*Activity*
What you should give back is every line from the one containing "this 1500×1125 image." through the last line of the records below, word for word and without pictures.

*Extracted material*

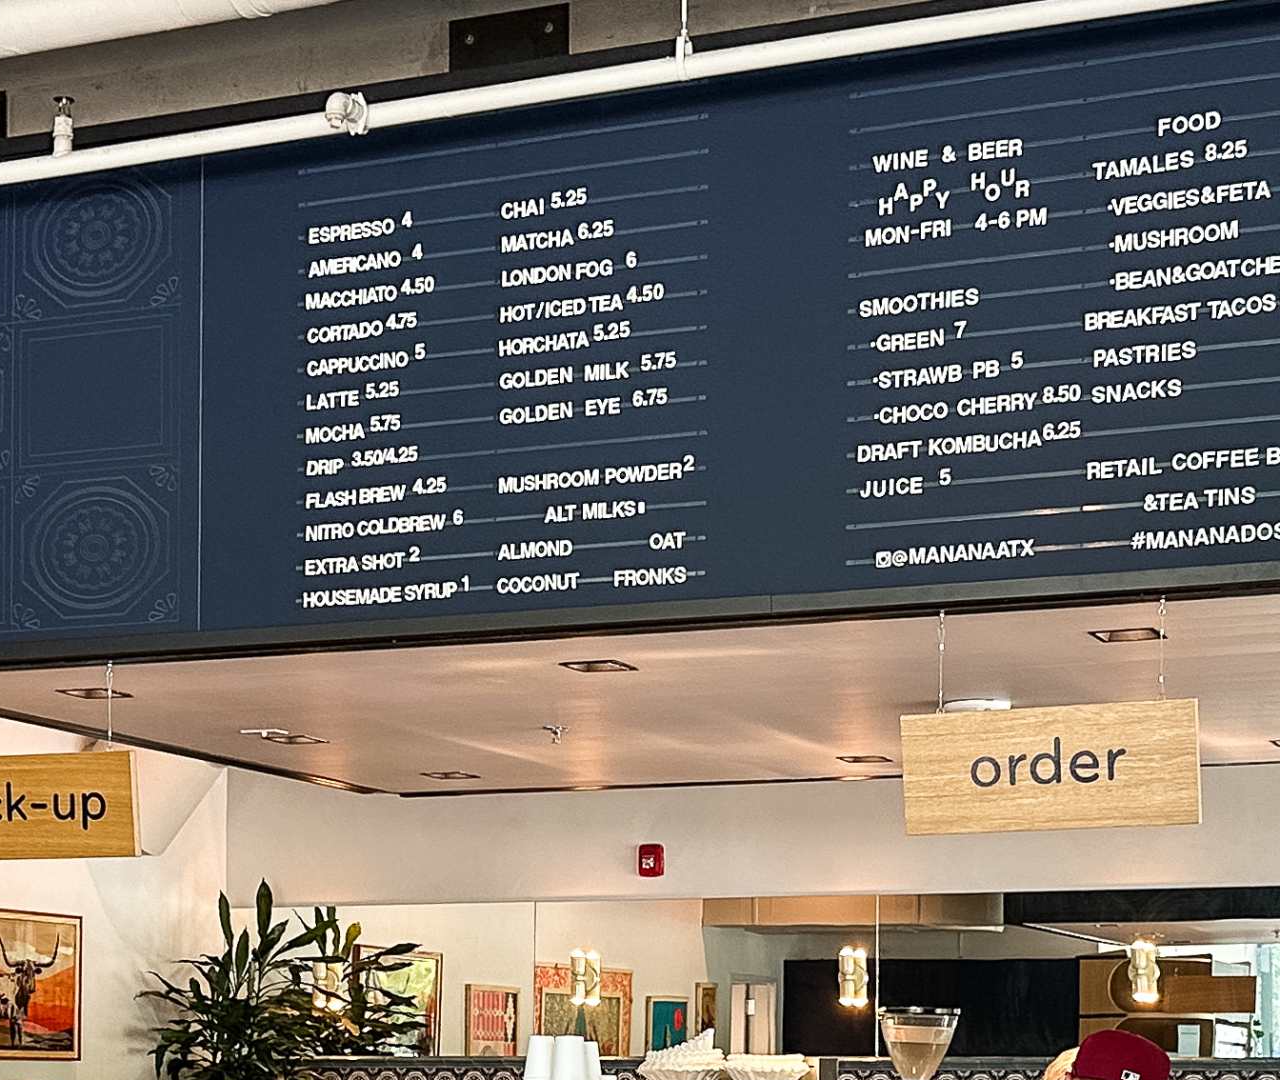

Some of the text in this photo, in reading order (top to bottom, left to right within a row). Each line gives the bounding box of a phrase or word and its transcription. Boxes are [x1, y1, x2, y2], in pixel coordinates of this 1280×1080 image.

[1158, 111, 1222, 137] FOOD
[872, 138, 1023, 173] WINE & BEER
[1092, 139, 1248, 181] TAMALES 8.25
[500, 187, 587, 220] CHAI 5.25
[878, 168, 1030, 216] HAPPY HOUR
[308, 211, 413, 245] ESPRESSO 4
[501, 219, 614, 253] MATCHA 6.25
[865, 207, 1047, 247] MON-FRI 4-6 PM
[308, 243, 423, 278] AMERICANO 4
[501, 251, 637, 288] LONDON FOG 6
[305, 275, 435, 310] MACCHIATO 4.50
[499, 283, 665, 323] HOT/ICED TEA 4.50
[859, 287, 979, 318] SMOOTHIES
[306, 311, 418, 344] CORTADO 4.75
[1084, 302, 1202, 331] BREAKFAST
[1206, 293, 1277, 320] TACOS
[498, 320, 631, 357] HORCHATA 5.25
[953, 320, 967, 339] 7
[306, 342, 426, 377] CAPPUCCINO 5
[499, 351, 677, 390] GOLDEN MILK 5.75
[973, 359, 1000, 379] PB
[1010, 350, 1024, 369] 5
[1093, 340, 1197, 368] PASTRIES
[306, 380, 400, 411] LATTE 5.25
[499, 387, 668, 425] GOLDEN EYE 6.75
[956, 392, 1038, 417] CHERRY
[1042, 384, 1082, 404] 8.50
[1091, 378, 1182, 404] SNACKS
[305, 414, 401, 444] MOCHA 5.75
[857, 420, 1081, 463] DRAFT KOMBUCHA 6.25
[306, 445, 418, 476] DRIP 3.50/4.25
[498, 454, 695, 494] MUSHROOM POWDER 2
[1086, 457, 1163, 481] RETAIL
[1171, 447, 1260, 471] COFFEE
[412, 476, 447, 495] 4.25
[859, 468, 952, 498] JUICE 5
[1143, 486, 1256, 512] &TEA TINS
[305, 509, 464, 542] NITRO COLDBREW 6
[544, 500, 636, 524] ALT MILKS
[497, 539, 573, 561] ALMOND
[649, 531, 686, 550] OAT
[304, 546, 421, 576] EXTRA SHOT 2
[613, 566, 687, 587] FRONKS
[303, 575, 469, 608] HOUSEMADE SYRUP 1
[496, 572, 580, 594] COCONUT
[970, 736, 1126, 789] order
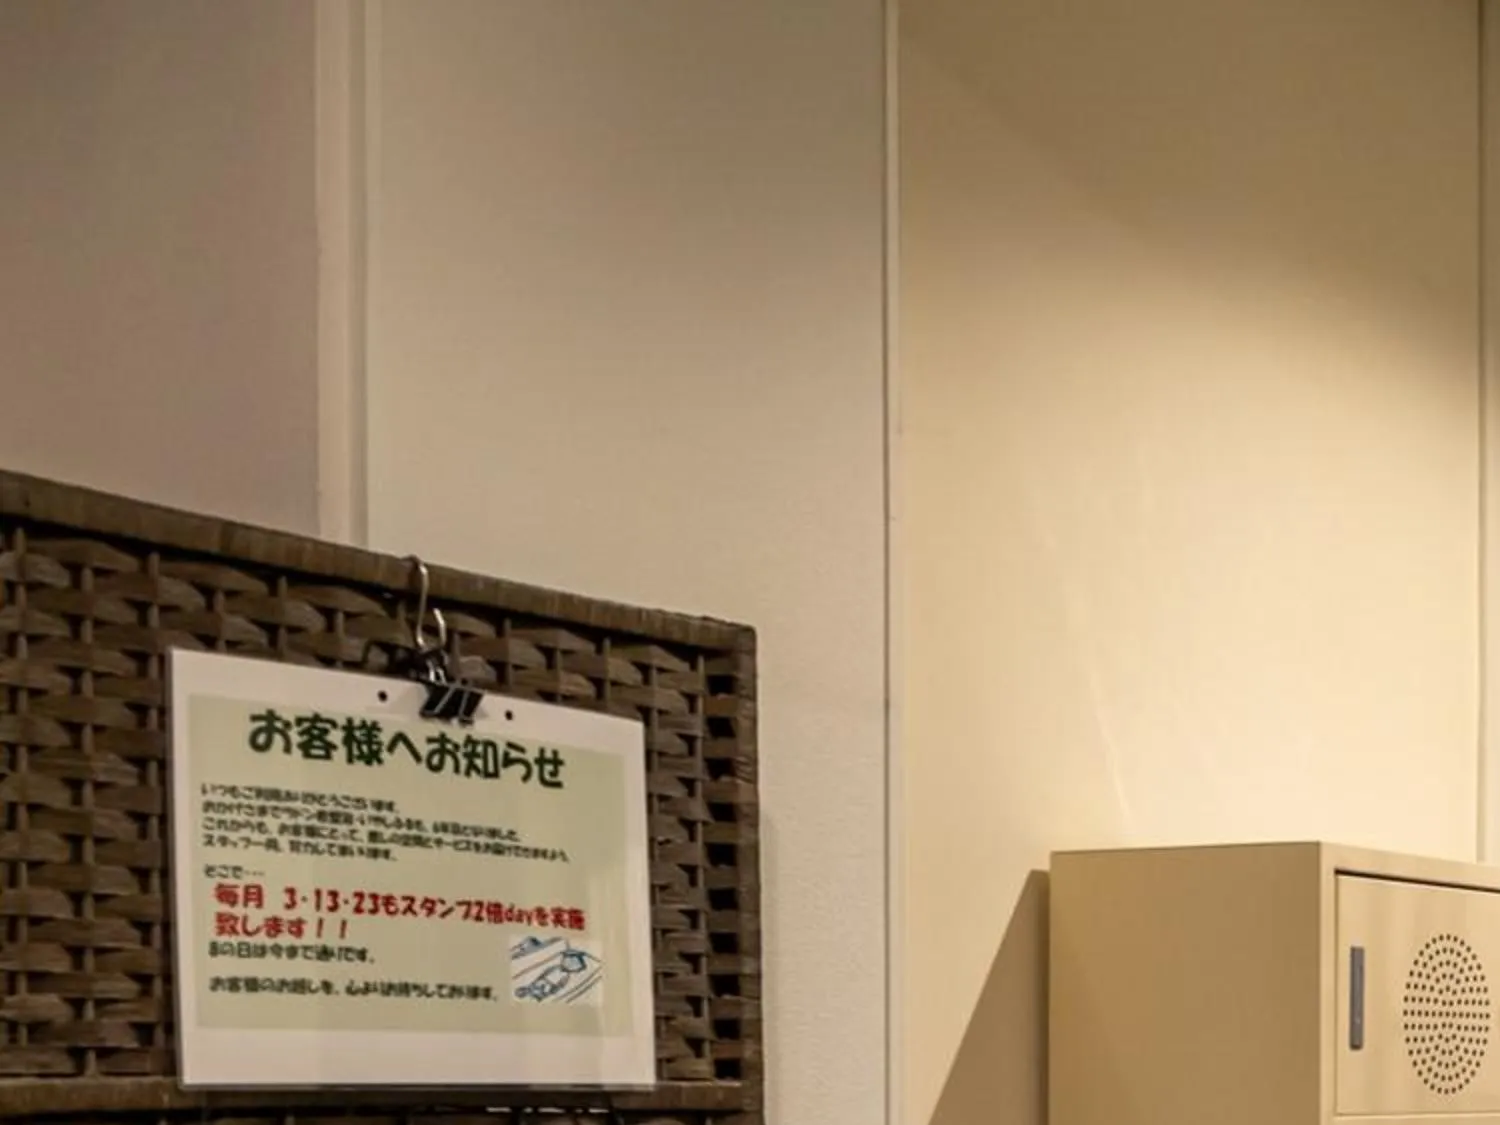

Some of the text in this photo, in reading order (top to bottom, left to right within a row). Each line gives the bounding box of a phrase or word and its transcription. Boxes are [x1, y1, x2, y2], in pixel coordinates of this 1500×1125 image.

[248, 709, 565, 788] お客様へお知らせ
[215, 883, 265, 908] 毎月
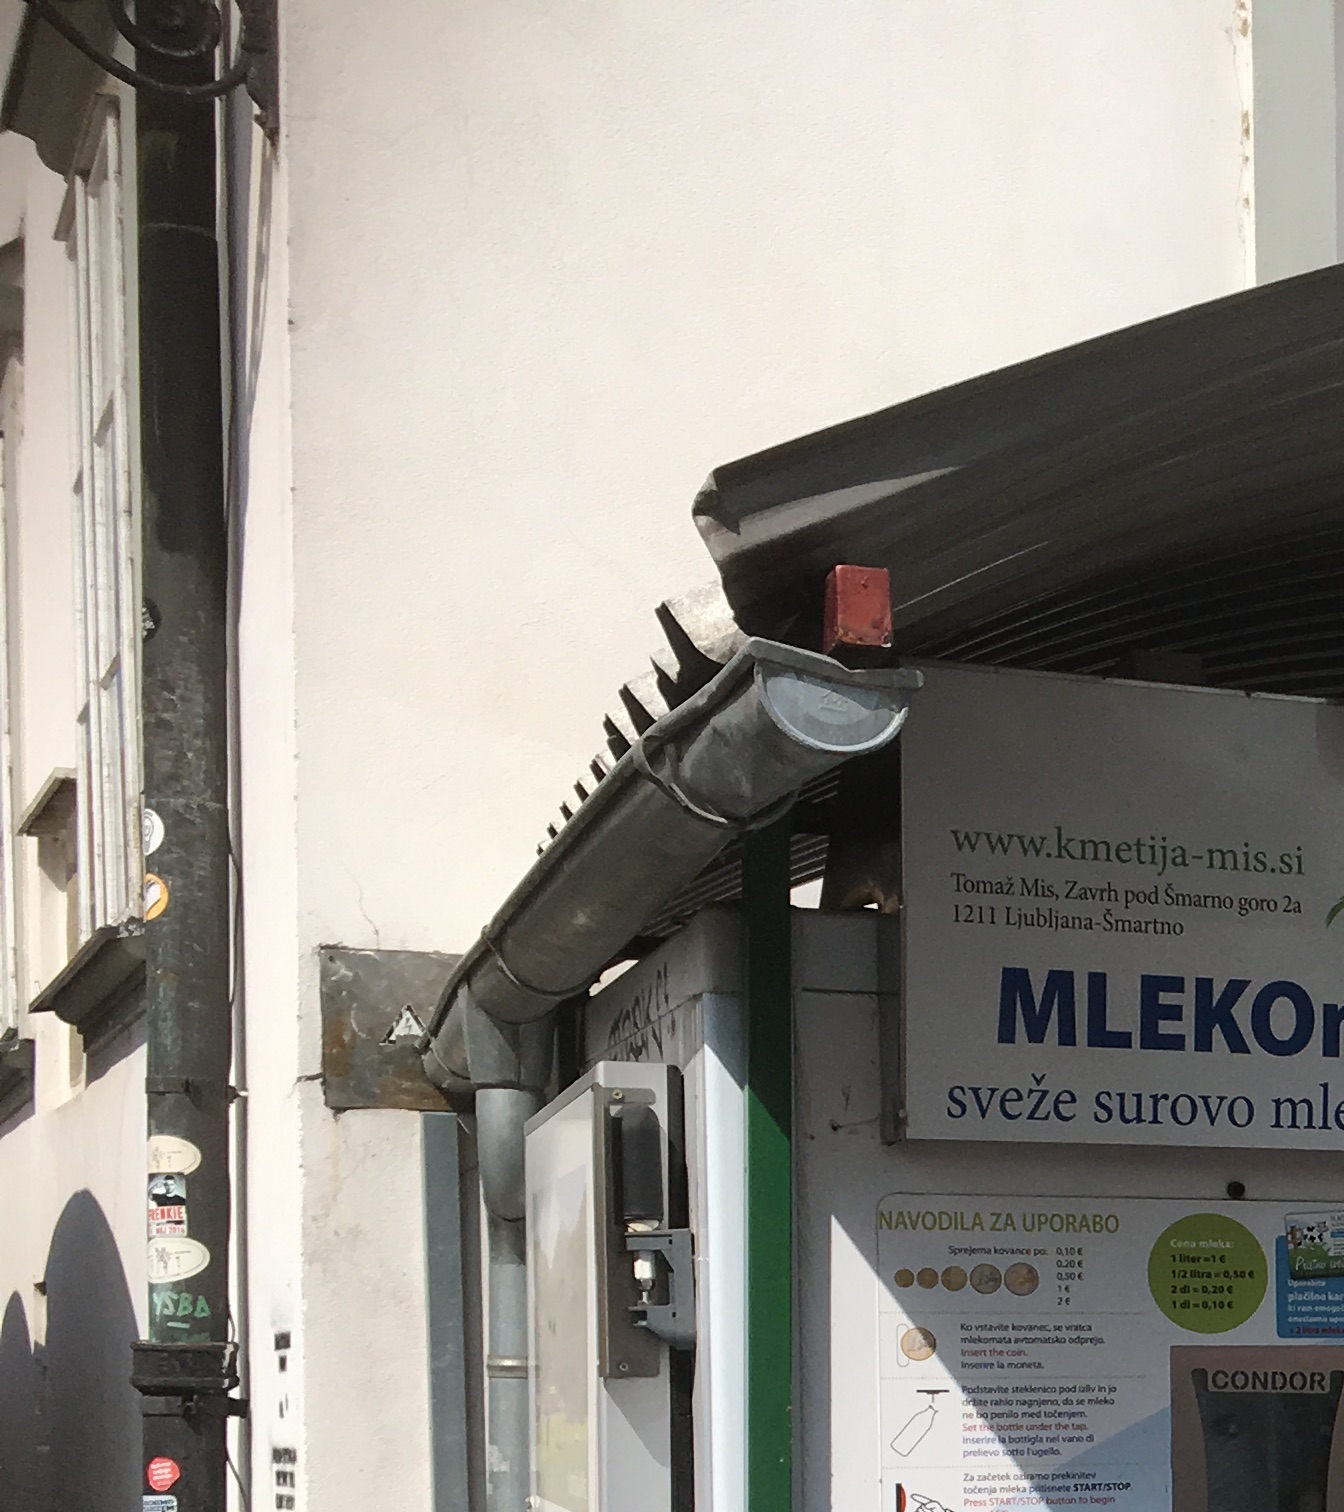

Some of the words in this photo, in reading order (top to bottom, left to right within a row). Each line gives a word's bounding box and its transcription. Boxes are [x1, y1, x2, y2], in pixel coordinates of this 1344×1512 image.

*Completed task*
Some of the text in this photo, in reading order (top to bottom, left to right within a row). Each line gives the bounding box of a phrase or word and its transcription. Boxes are [x1, y1, x2, y2], in pixel coordinates of this 1500×1125 image.

[248, 709, 565, 788] お客様へお知らせ
[215, 883, 265, 908] 毎月

Some of the words in this photo, in reading order (top to bottom, left to right within a row). Each line gives a word's bounding box and its transcription. Boxes are [x1, y1, x2, y2], in pixel coordinates of this 1344×1512 image.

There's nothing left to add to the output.